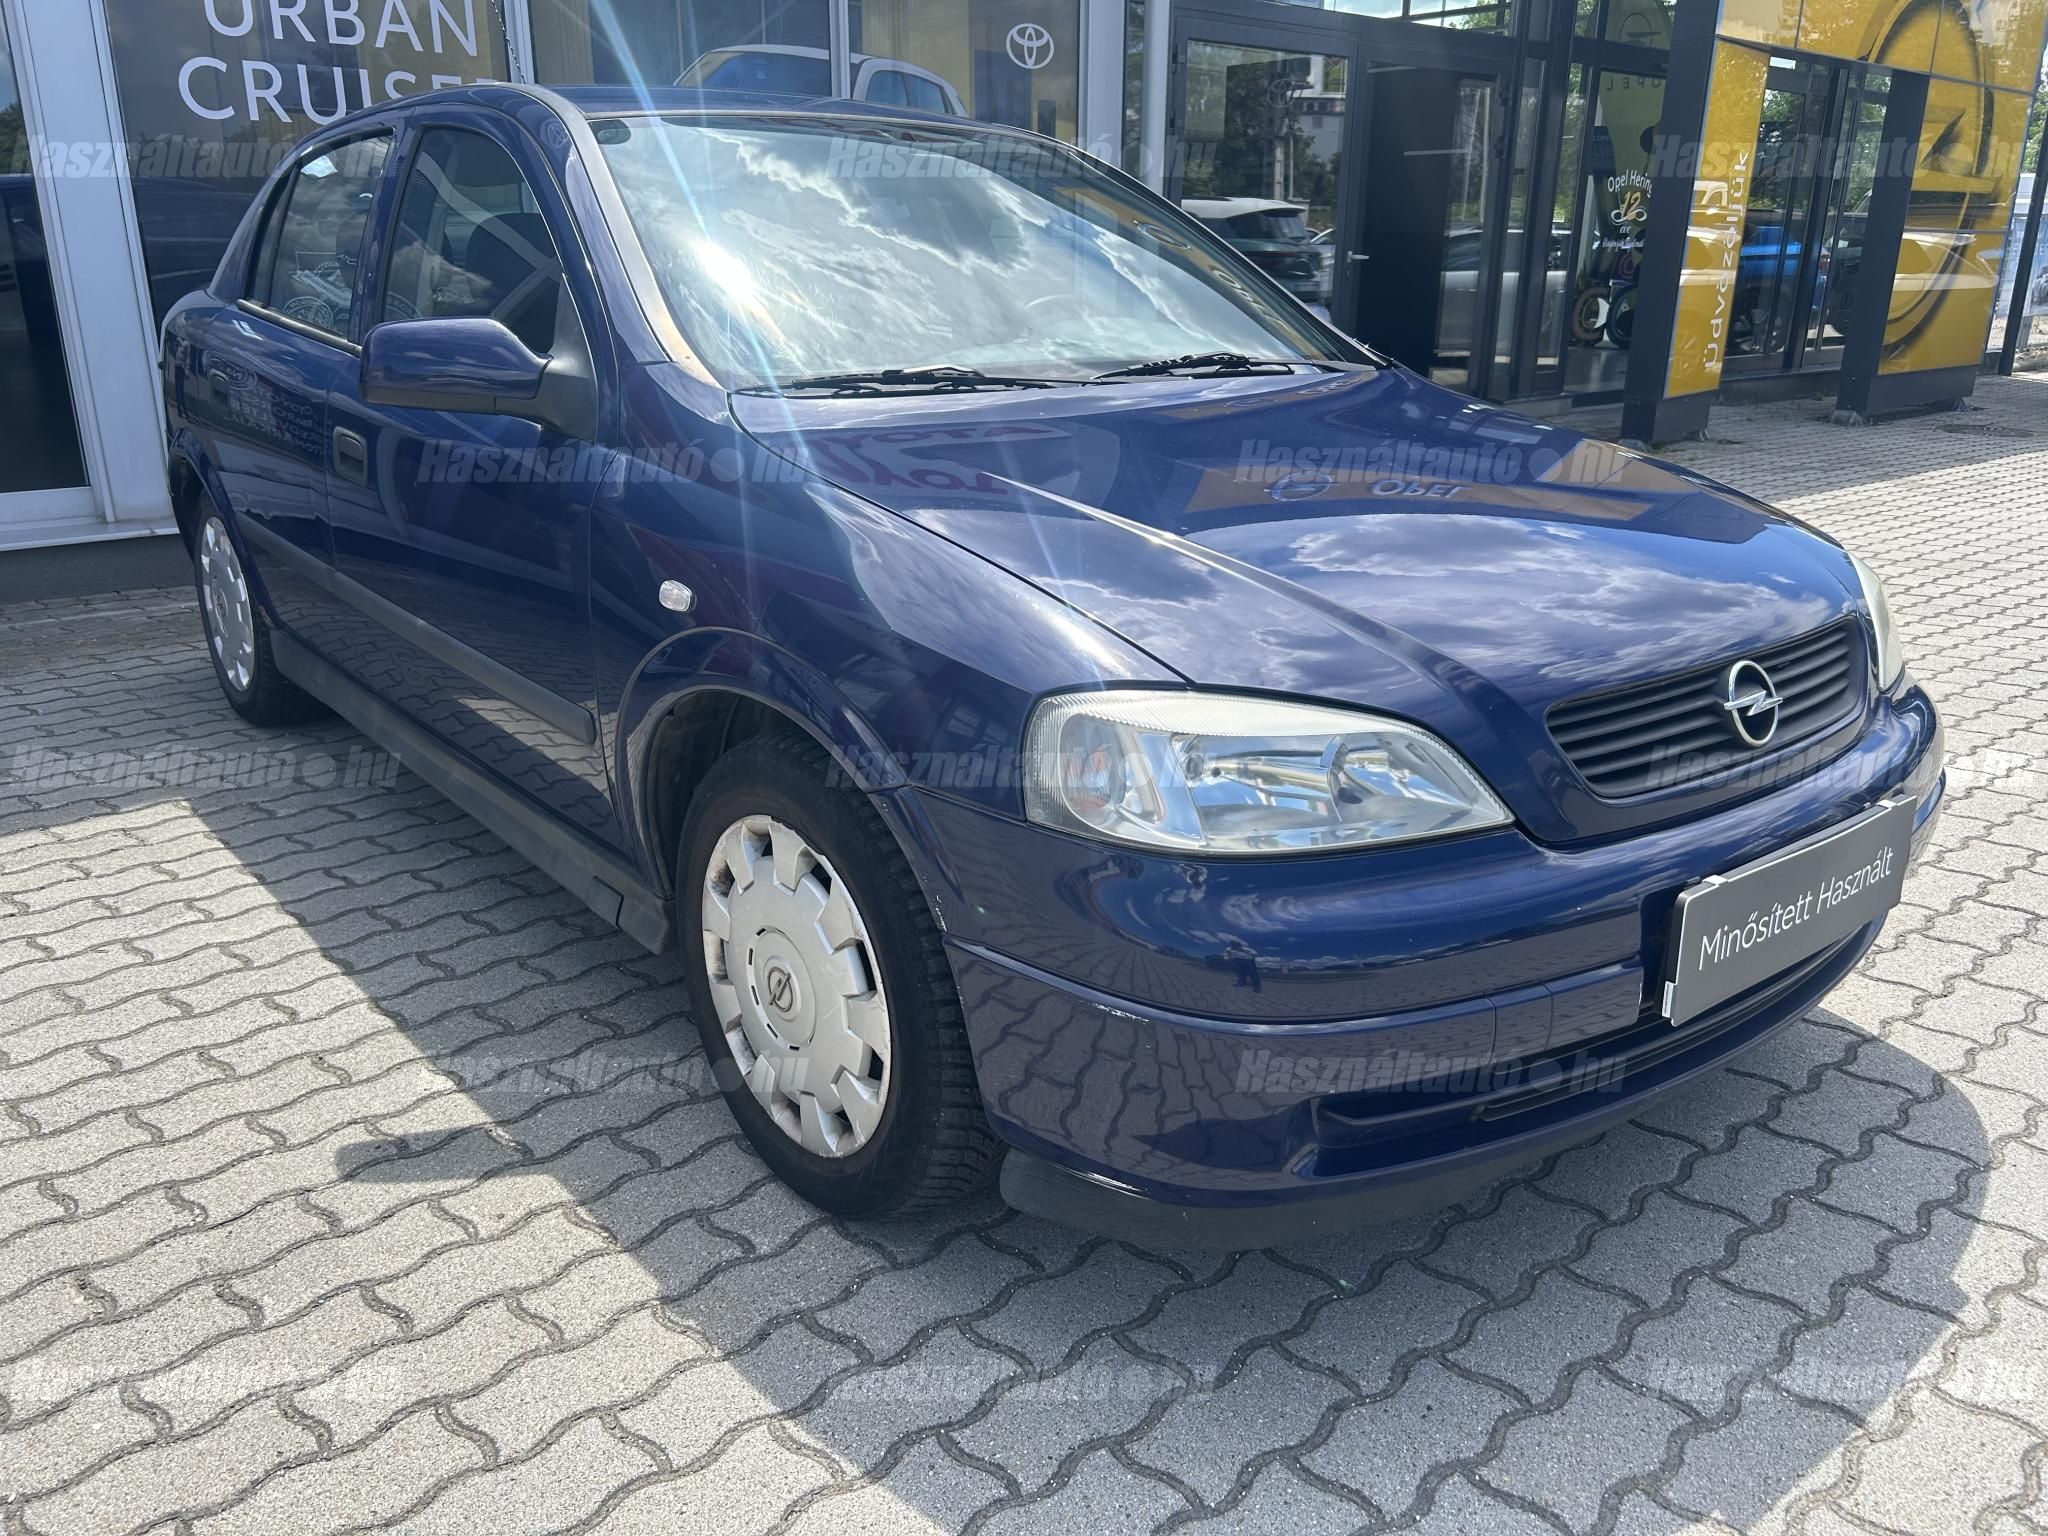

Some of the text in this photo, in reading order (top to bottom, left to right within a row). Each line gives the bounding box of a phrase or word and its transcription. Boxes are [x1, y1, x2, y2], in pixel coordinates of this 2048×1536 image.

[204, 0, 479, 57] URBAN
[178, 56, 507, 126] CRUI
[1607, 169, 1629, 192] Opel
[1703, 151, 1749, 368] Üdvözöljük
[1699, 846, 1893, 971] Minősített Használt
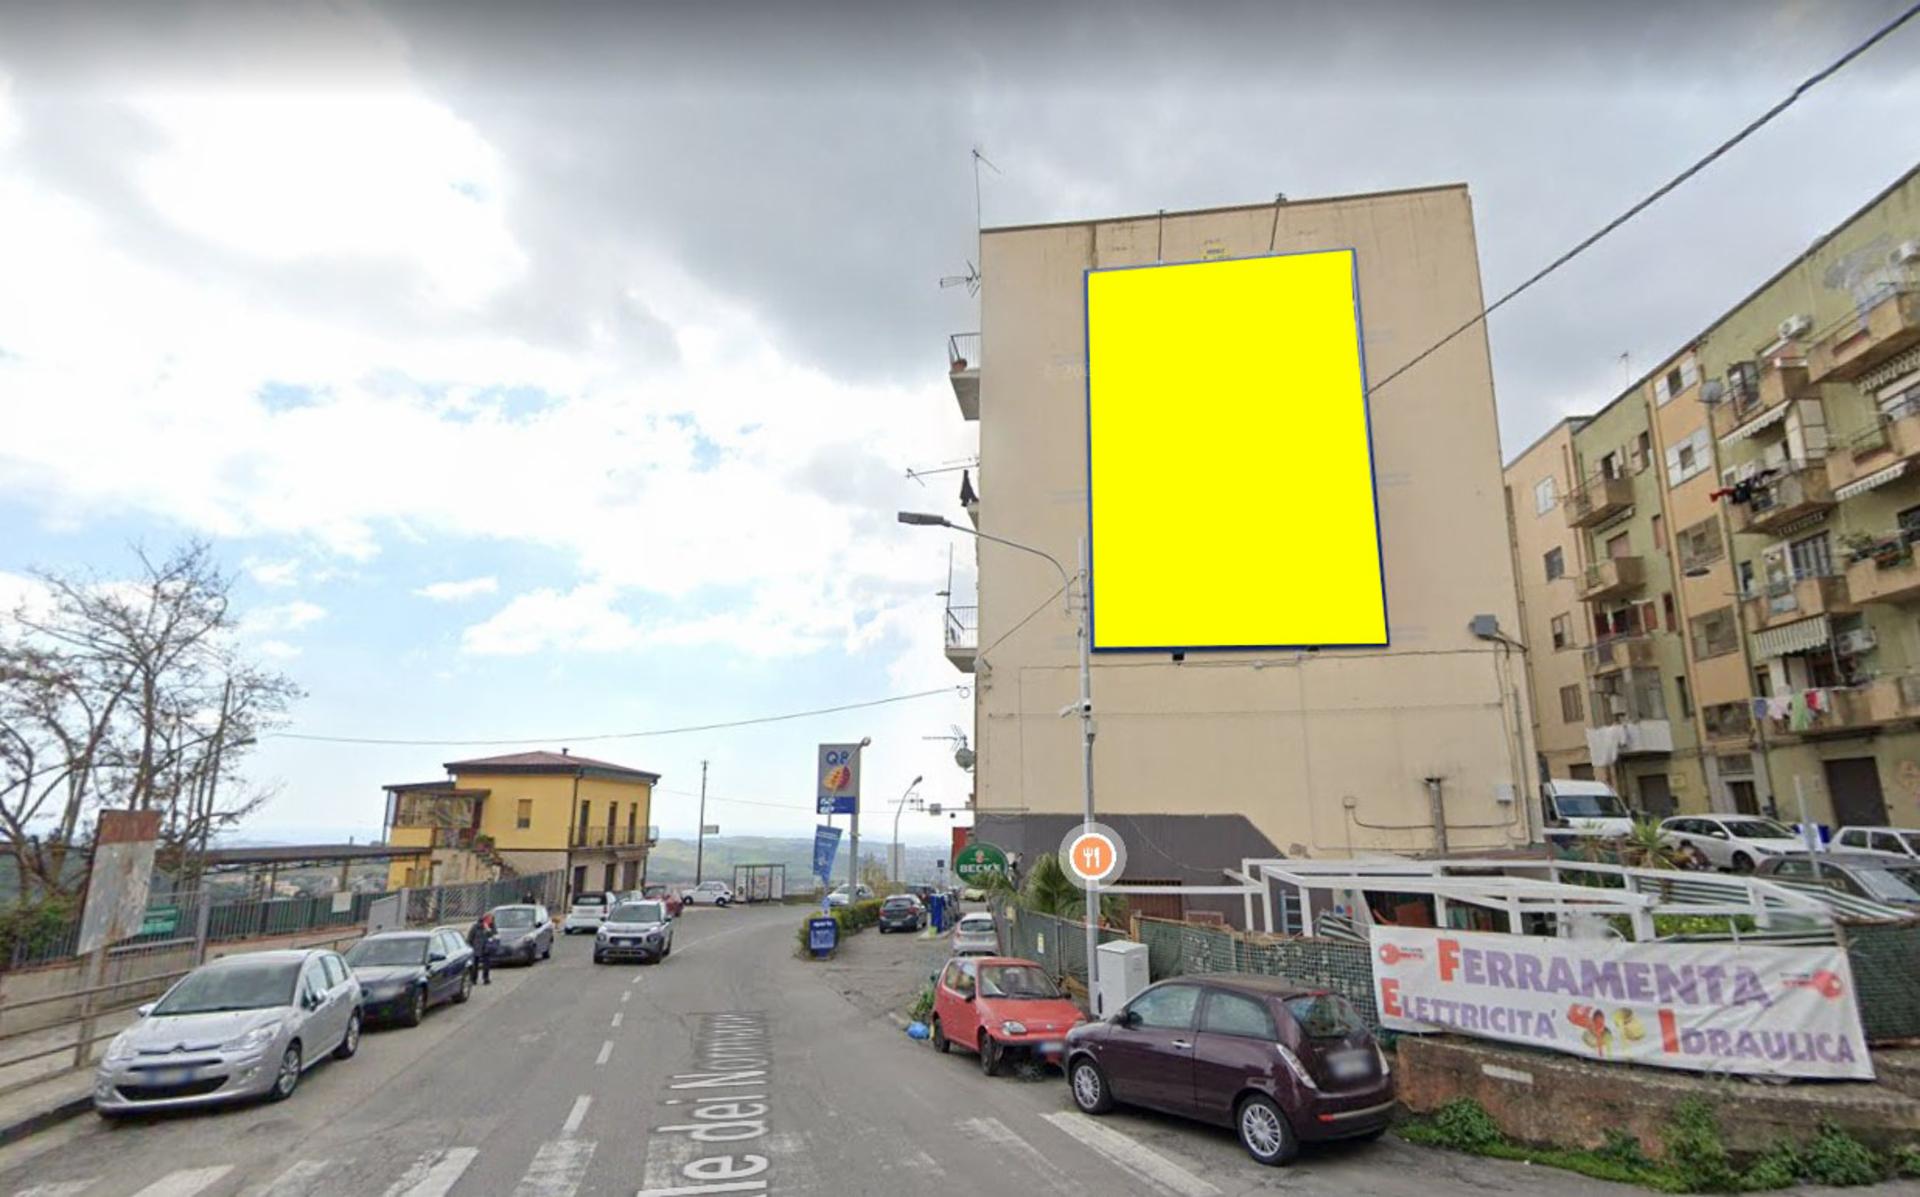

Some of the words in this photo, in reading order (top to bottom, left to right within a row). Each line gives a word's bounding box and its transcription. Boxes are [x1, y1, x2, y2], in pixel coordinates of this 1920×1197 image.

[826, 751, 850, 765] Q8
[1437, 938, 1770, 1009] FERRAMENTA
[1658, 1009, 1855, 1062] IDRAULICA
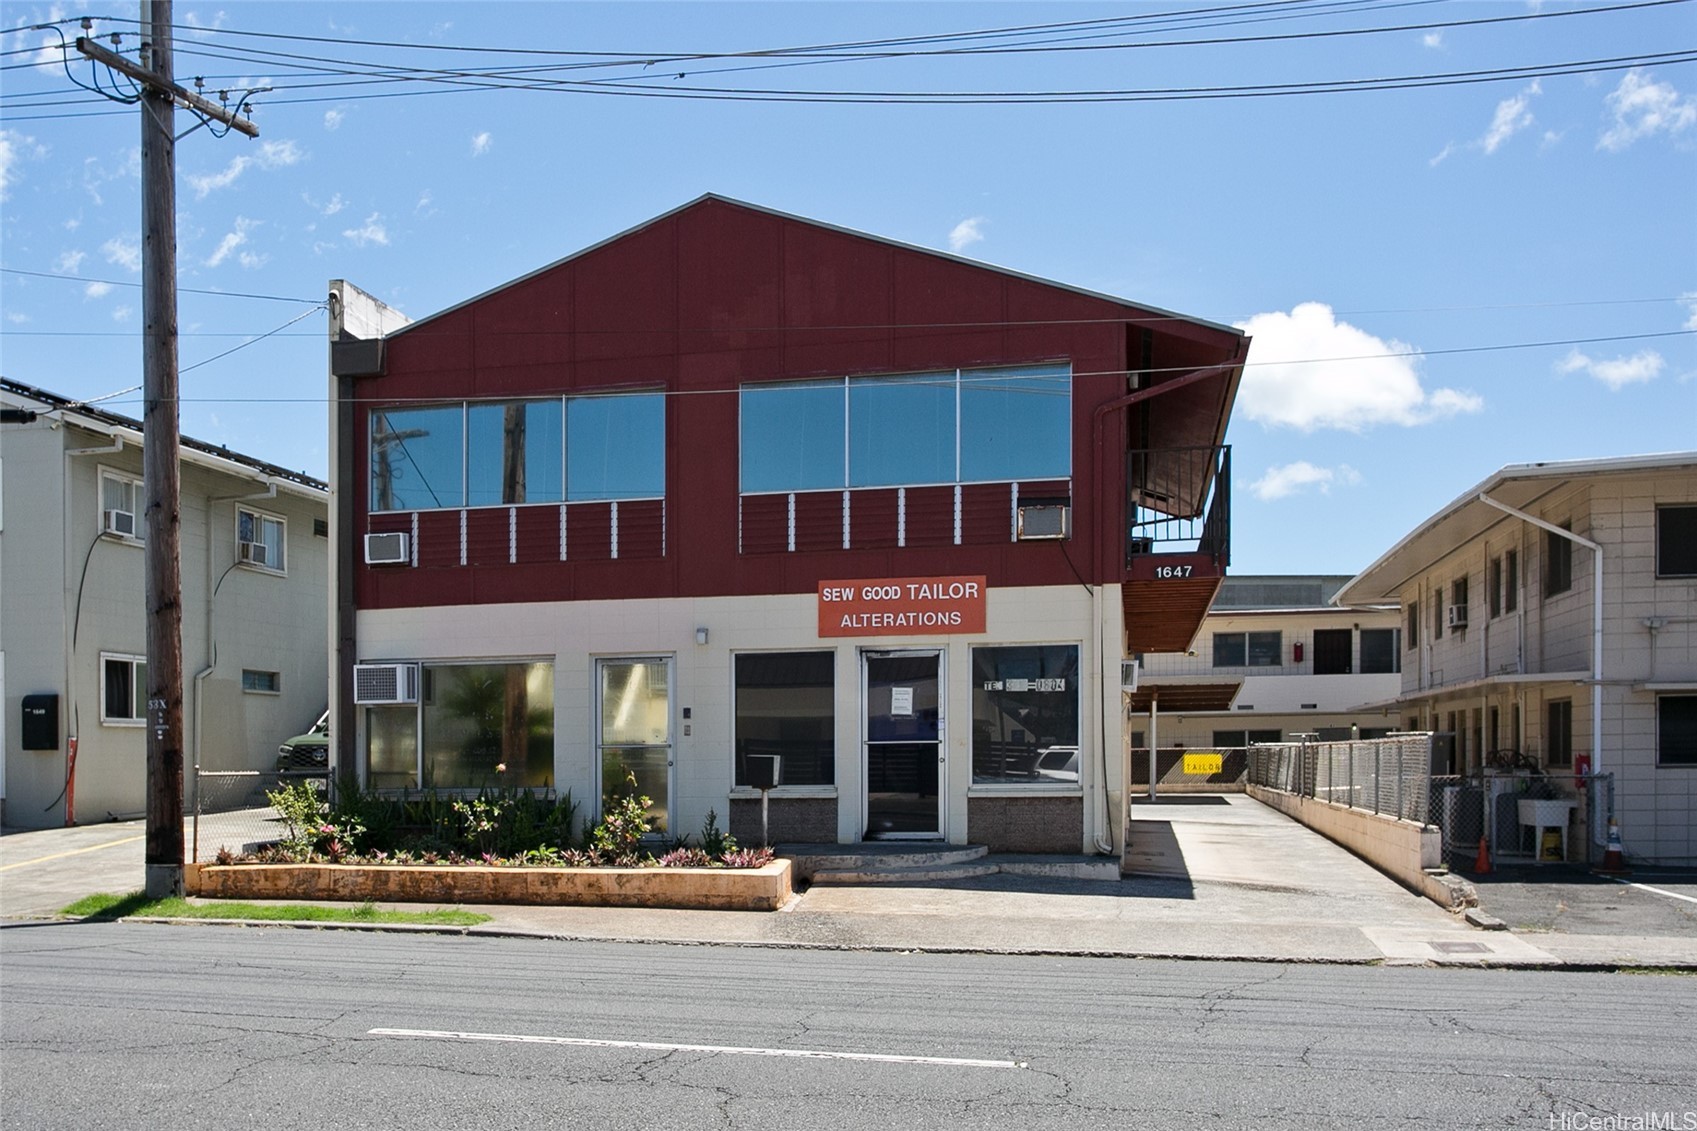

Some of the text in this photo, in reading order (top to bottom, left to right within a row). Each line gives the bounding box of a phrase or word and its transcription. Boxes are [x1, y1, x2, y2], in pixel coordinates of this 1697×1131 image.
* * * * * * *
### EXERCISE DETAILS
Where a record holds a picture, leave the picture out and restate the rest word for word.

### ANSWER BOX
Some of the text in this photo, in reading order (top to bottom, left to right within a row). Each line gives the bounding box of a phrase or word and its transcription. Boxes are [x1, y1, x2, y2], in pixel coordinates of this 2048×1536 image.

[204, 0, 479, 57] URBAN
[178, 56, 507, 126] CRUI
[1607, 169, 1629, 192] Opel
[1703, 151, 1749, 368] Üdvözöljük
[1699, 846, 1893, 971] Minősített Használt

Some of the words in this photo, in reading order (top to bottom, left to right within a row). Each line gives a word's bounding box and its transcription. Boxes are [x1, y1, x2, y2], in pixel coordinates of this 1920×1197 image.

[826, 751, 850, 765] Q8
[1437, 938, 1770, 1009] FERRAMENTA
[1658, 1009, 1855, 1062] IDRAULICA

Some of the text in this photo, in reading order (top to bottom, left to right within a row). Each line gives the bounding box of a phrase or word and its transcription. Boxes are [x1, y1, x2, y2], in pixel coordinates of this 1697×1131 image.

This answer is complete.